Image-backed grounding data
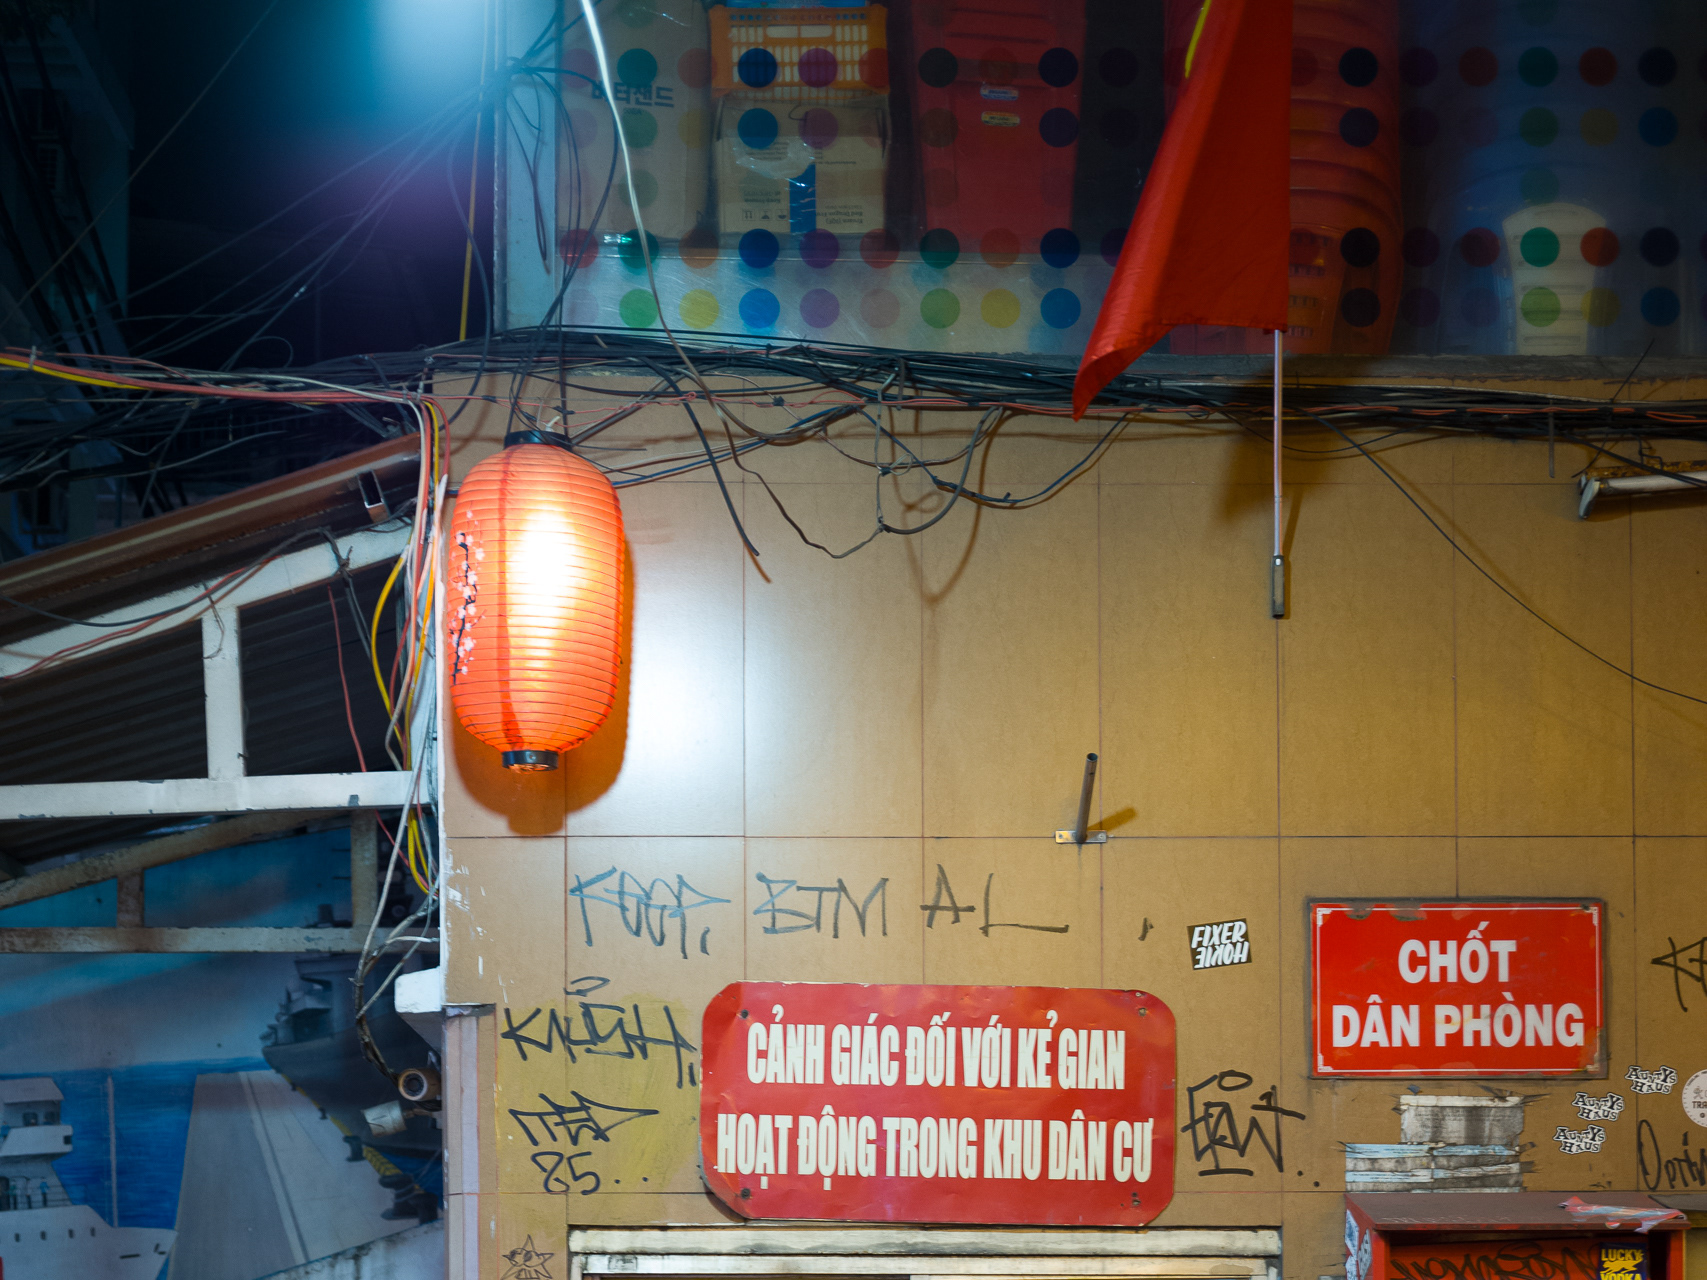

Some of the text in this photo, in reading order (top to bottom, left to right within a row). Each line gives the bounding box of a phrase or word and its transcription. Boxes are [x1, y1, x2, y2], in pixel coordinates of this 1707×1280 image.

[1191, 920, 1247, 949] FIXER
[1398, 921, 1518, 984] CHỐT
[1332, 991, 1585, 1048] DÂN PHÒNG
[746, 1003, 1126, 1090] CẢNH GIÁC ĐỐI VỚI KẺ GIAN
[1632, 1080, 1672, 1094] HAUS
[1579, 1107, 1618, 1121] HAUS
[714, 1112, 794, 1190] HOẠT
[796, 1104, 878, 1192] ĐỘNG
[882, 1115, 978, 1180] TRONG
[983, 1118, 1043, 1181] KHU
[1047, 1109, 1107, 1181] DÂN
[1112, 1115, 1155, 1183] CƯ
[1560, 1140, 1600, 1153] HAUS
[1601, 1248, 1643, 1262] LUCKY
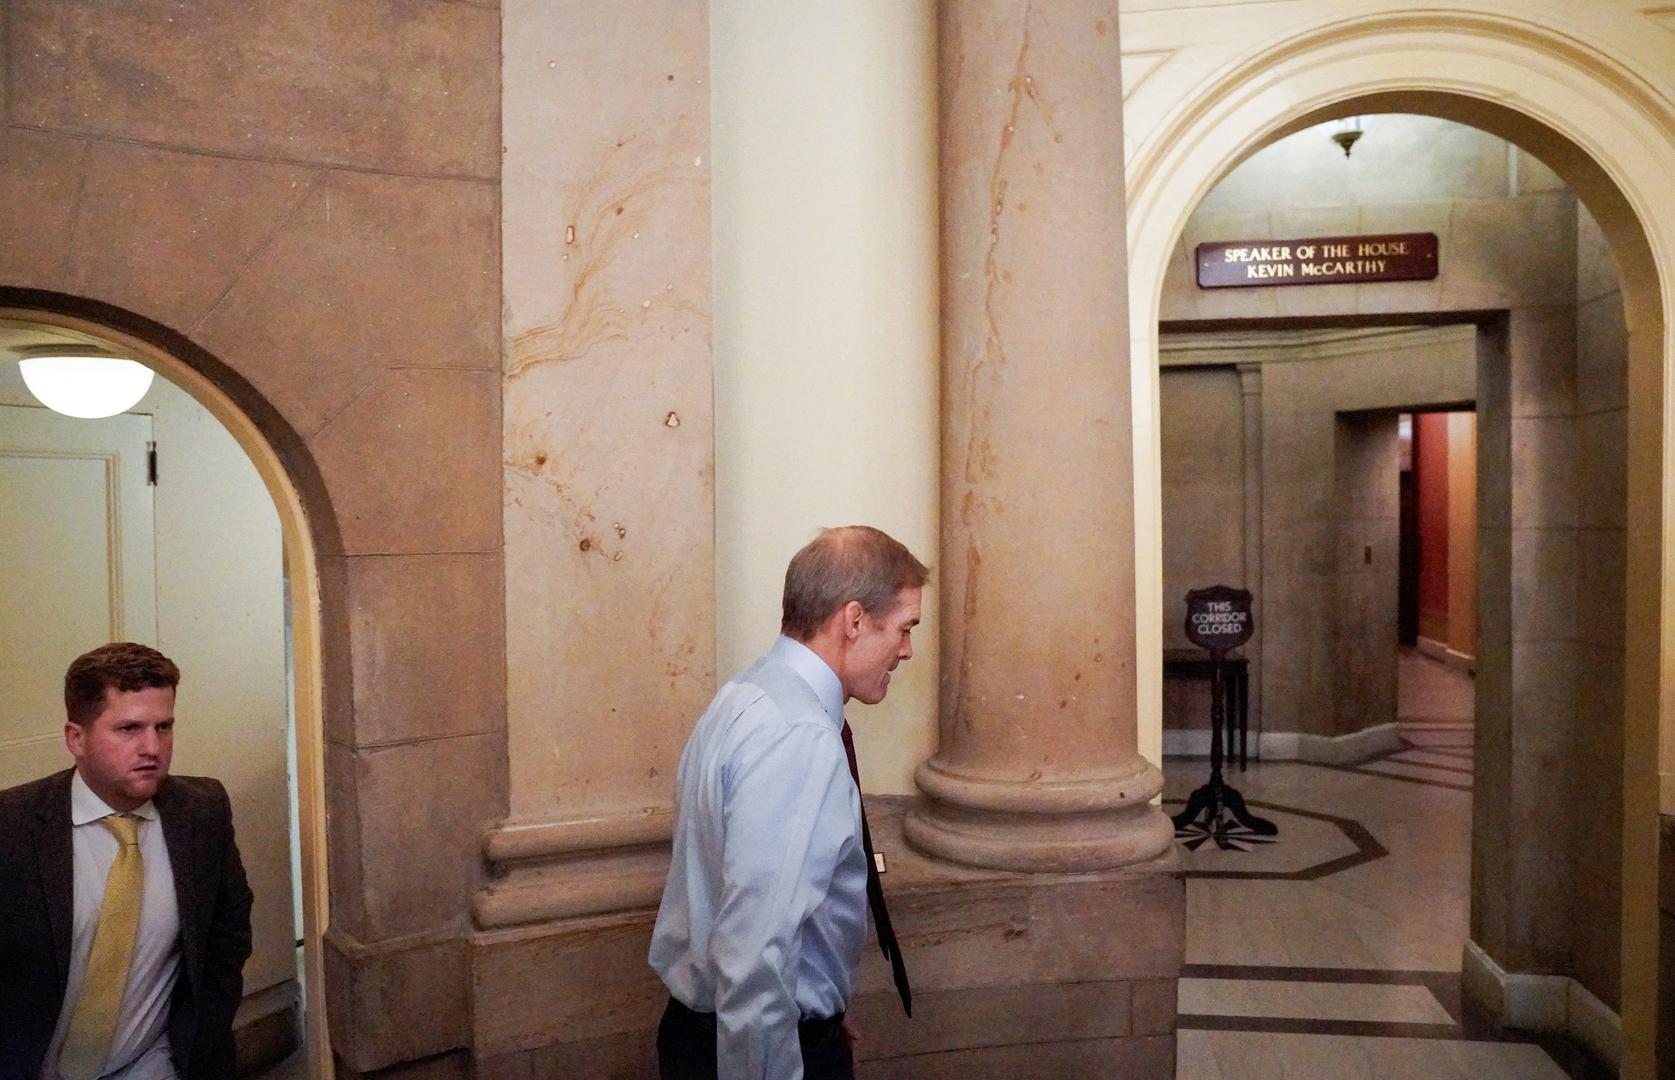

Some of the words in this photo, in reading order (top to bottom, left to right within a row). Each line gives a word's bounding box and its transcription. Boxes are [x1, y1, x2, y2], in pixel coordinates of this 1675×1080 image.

[1224, 247, 1292, 263] SPEAKER
[1296, 245, 1316, 260] OF
[1321, 244, 1350, 259] THE
[1358, 242, 1408, 257] HOUSE
[1247, 263, 1294, 279] KEVIN
[1301, 260, 1387, 277] McCARTHY
[1207, 601, 1231, 612] THIS
[1192, 612, 1246, 624] CORRIDOR
[1198, 623, 1242, 635] CLOSED
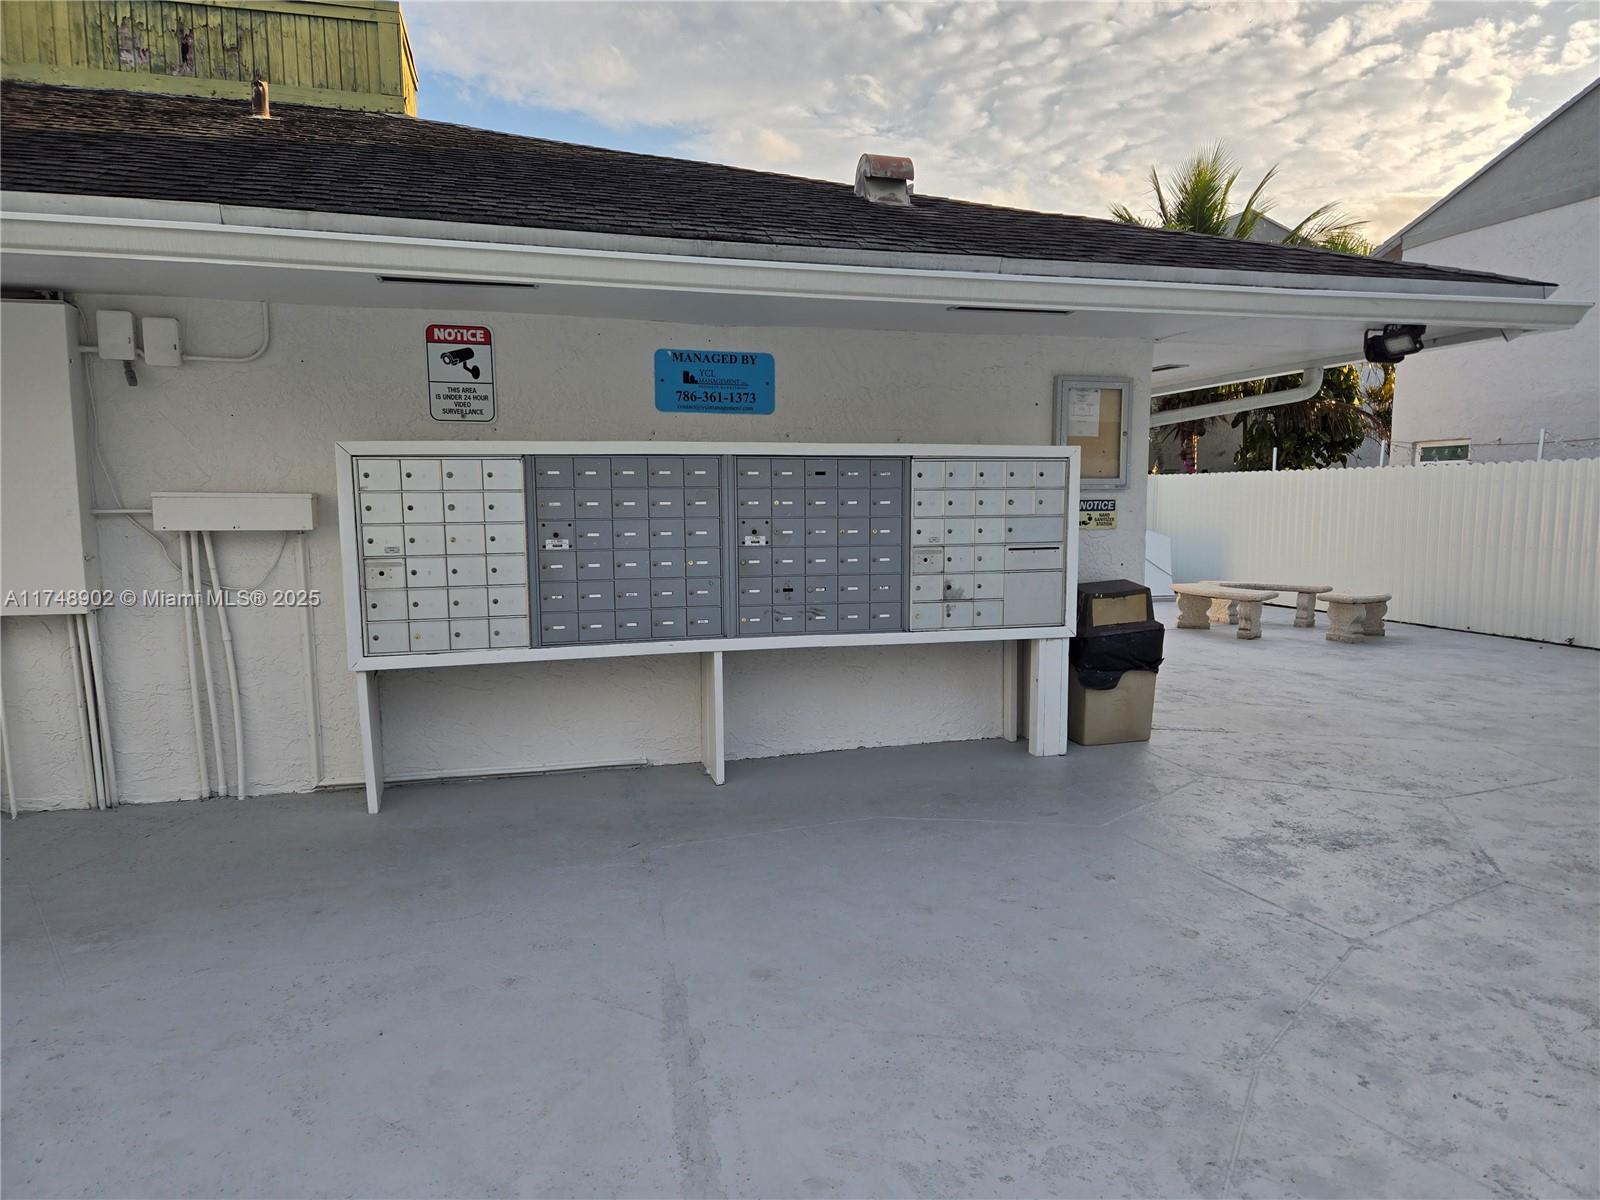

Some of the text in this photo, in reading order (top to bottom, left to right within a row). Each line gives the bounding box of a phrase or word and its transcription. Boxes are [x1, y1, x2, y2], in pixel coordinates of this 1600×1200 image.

ASSIGNMENT:
Could the entries above be copied out exactly, with no pictures included?

RESPONSE AREA:
Some of the text in this photo, in reading order (top to bottom, left to right within a row). Each line gives the bounding box of a phrase or word and its transcription. Boxes are [x1, y1, x2, y2], in pixel coordinates of this 1707×1280 image.

[1191, 920, 1247, 949] FIXER
[1398, 921, 1518, 984] CHỐT
[1332, 991, 1585, 1048] DÂN PHÒNG
[746, 1003, 1126, 1090] CẢNH GIÁC ĐỐI VỚI KẺ GIAN
[1632, 1080, 1672, 1094] HAUS
[1579, 1107, 1618, 1121] HAUS
[714, 1112, 794, 1190] HOẠT
[796, 1104, 878, 1192] ĐỘNG
[882, 1115, 978, 1180] TRONG
[983, 1118, 1043, 1181] KHU
[1047, 1109, 1107, 1181] DÂN
[1112, 1115, 1155, 1183] CƯ
[1560, 1140, 1600, 1153] HAUS
[1601, 1248, 1643, 1262] LUCKY

Some of the words in this photo, in reading order (top to bottom, left to right within a row). Each line gives a word's bounding box and its transcription. Boxes are [x1, y1, x2, y2], in pixel coordinates of this 1675×1080 image.

[1224, 247, 1292, 263] SPEAKER
[1296, 245, 1316, 260] OF
[1321, 244, 1350, 259] THE
[1358, 242, 1408, 257] HOUSE
[1247, 263, 1294, 279] KEVIN
[1301, 260, 1387, 277] McCARTHY
[1207, 601, 1231, 612] THIS
[1192, 612, 1246, 624] CORRIDOR
[1198, 623, 1242, 635] CLOSED

Some of the text in this photo, in reading order (top to bottom, left to right within a row). Each line gives the bounding box of a phrase or word and its transcription. Boxes are [x1, y1, x2, y2], in pixel coordinates of this 1600×1200 image.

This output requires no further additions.